Sometimes it feels like there’s not a place in the church for fiction and art. I’m finishing up a master’s degree in English Literature, and I want to write novels and currently work as a photographer, videographer and graphic designer, but I’ve felt left out of church in the past because of what I’m passionate about. Several well-meaning Christian friends have told me that reading and writing novels is a waste of my time because it has no spiritual value.

Recently, I saw that a few of my friends on Goodreads are reading all the latest Christian self-help books while I was excitedly reviewing the latest literary thriller, and once again I felt kind of dumb and inferior because I’m reading fiction. I like Christian non-fiction and think it’s very important and good, but we can’t overlook the spiritual value in fiction and art as a whole.
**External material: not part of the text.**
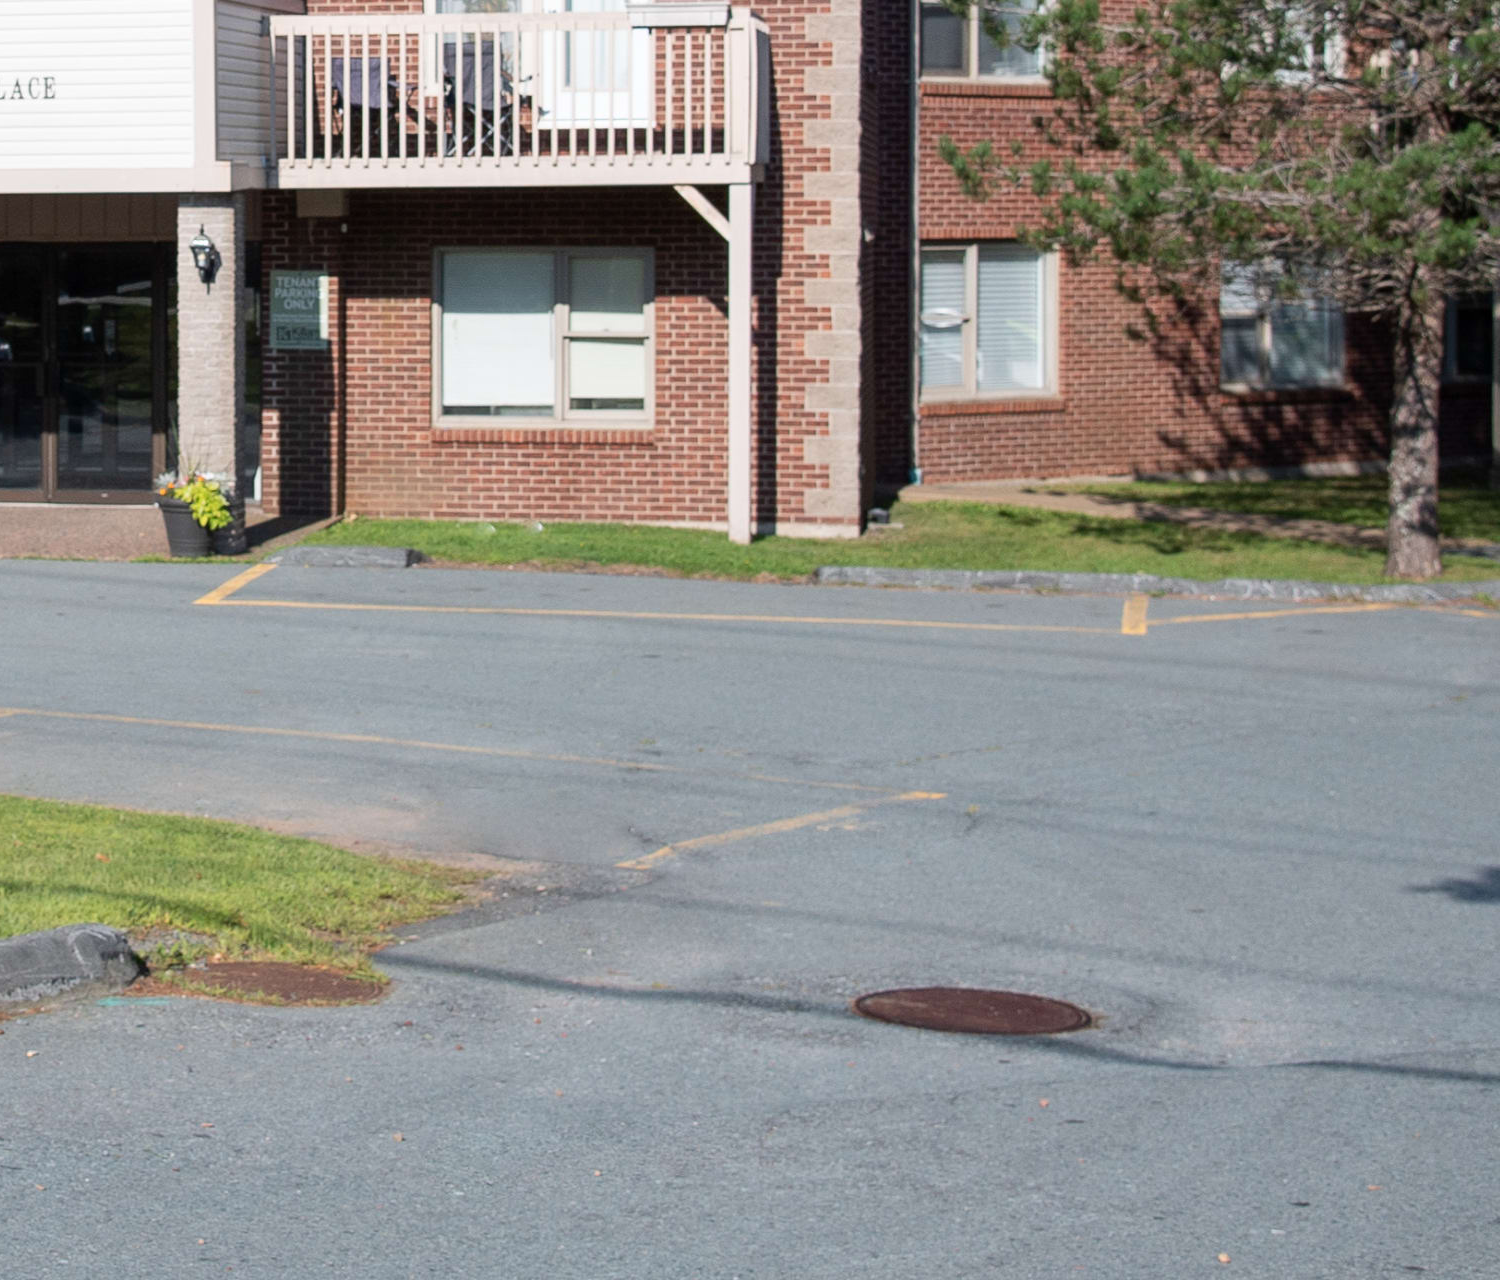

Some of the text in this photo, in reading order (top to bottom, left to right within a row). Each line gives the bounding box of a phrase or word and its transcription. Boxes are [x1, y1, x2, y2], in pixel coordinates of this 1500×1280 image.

[275, 276, 325, 288] TENAN
[274, 287, 326, 299] PARKIN
[283, 299, 316, 310] ONLY
The church has supported art like novels, paintings and music throughout history. Artists often survived through financial support and commissions from churches. Now, in Midwestern Christianity, sometimes it feels like if artists want to do something that pushes the bounds of conservatism a little, they’re not welcome. I think this is because we’re afraid to not have answers for everything, and a lot of good art asks more questions than it gives answers.
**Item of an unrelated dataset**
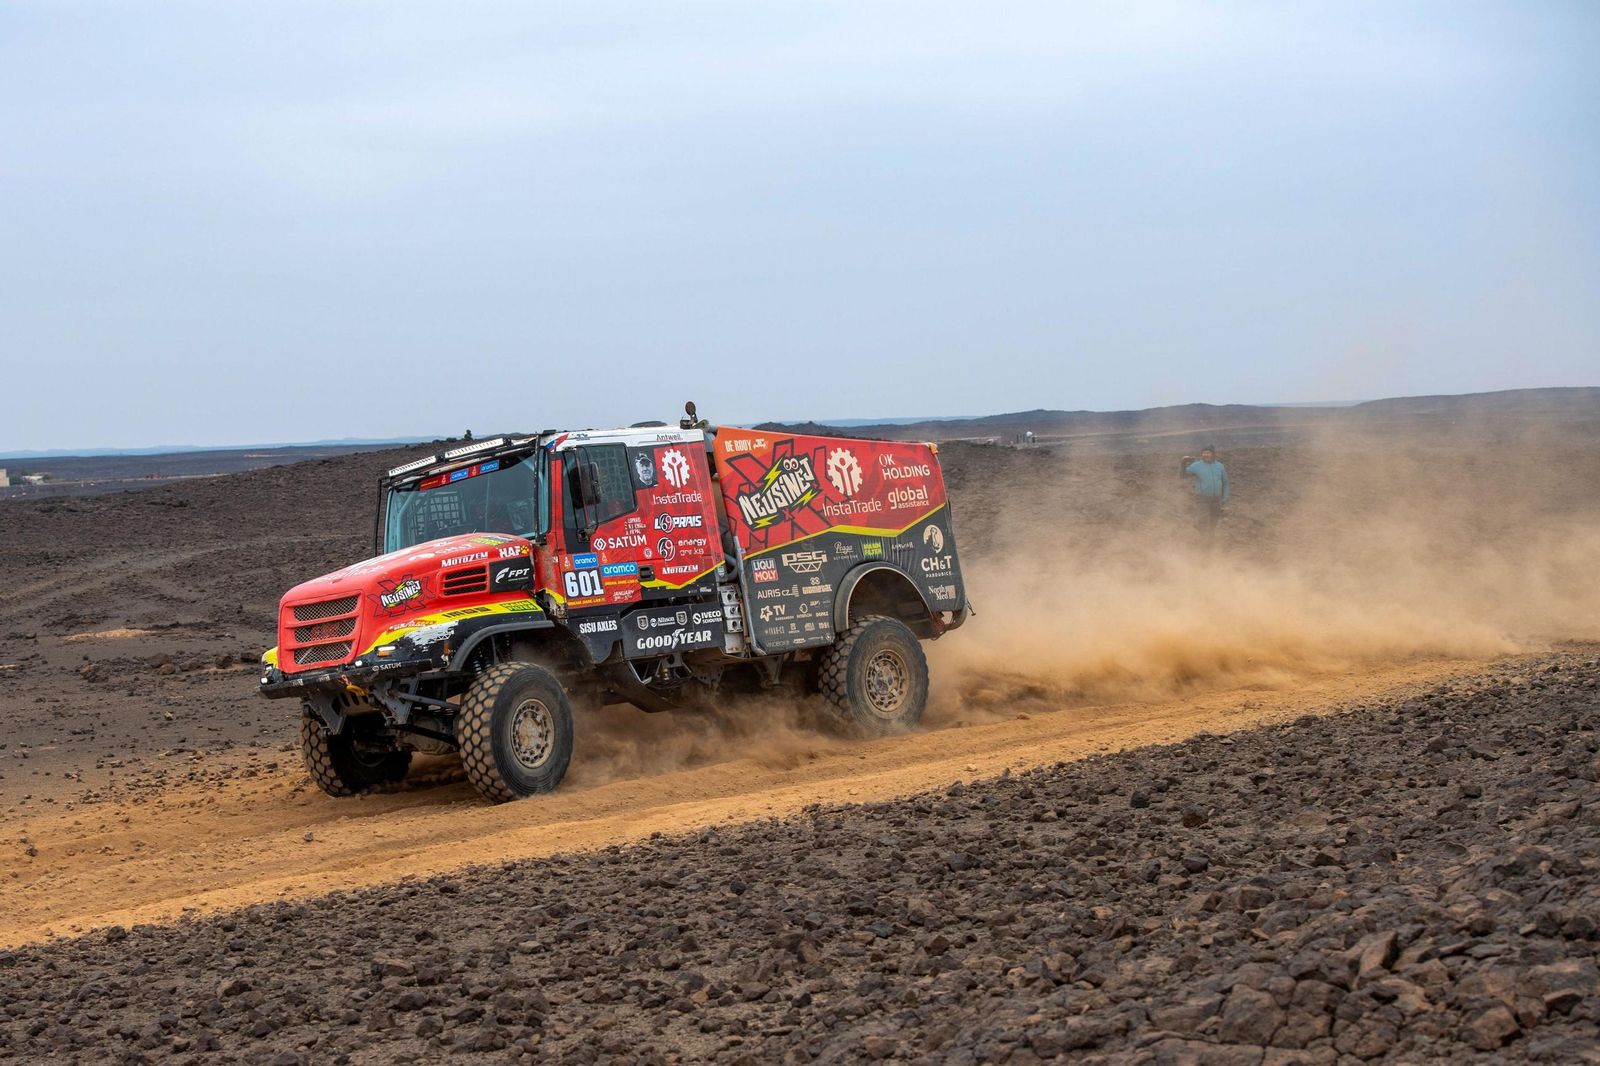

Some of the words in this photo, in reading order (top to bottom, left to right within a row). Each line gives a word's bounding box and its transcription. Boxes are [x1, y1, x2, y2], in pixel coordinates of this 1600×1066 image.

C.S. Lewis has something to say about that in one of my favorite essays, The Weight of Glory. He describes good art as pointing us to the Creator in some indescribable way:
“The books or the music in which we thought the beauty was located will betray us if we trust to them; it was not in them, it only came through them, and what came through them was longing. These things— the beauty, the memory of our own past— are good images of what we really desire; but if they are mistaken for the thing itself, they turn into dumb idols, breaking the hearts of their worshippers. For they are not the thing itself; they are only the scent of a flower we have not found, the echo of a tune we have not heard, news from a country we have never yet visited.”

In other words, art should point us to God because he is the origin of all beautiful things, even if that art isn’t explicitly “Christian.”

There are several things about City Pres that mean a lot to me personally, and one of those things is support of art. Last year for Lent, the church provided space for sculptures from a local artist. The sculptures explored some themes that weren’t necessarily pretty and didn’t wrap it up with a neat bow, but they left me with a feeling that I wasn’t alone and that God sees us in our brokenness.

One great thing about the universal church is that it includes scientists, theologians, artists, teachers, plumbers and everything in between. God gave us all unique gifts, and we should champion the things that are important to us while supporting the things others do. We can learn a lot from each other, and good art specifically can draw us closer to God.

So read Marilynne Robinson, watch Manchester By the Sea, listen to Twenty One Pilots, go to the Oklahoma City Museum of Art, and as those t-shirts they sell in the Plaza District say, “Support Local Art.” Figure out what it is about good art that is “the scent of a flower we have not found, the echo of a tune we have not heard, news from a country we have never yet visited.” God doesn’t only reveal himself to us in one way, and I appreciate City Pres and other local churches for supporting that!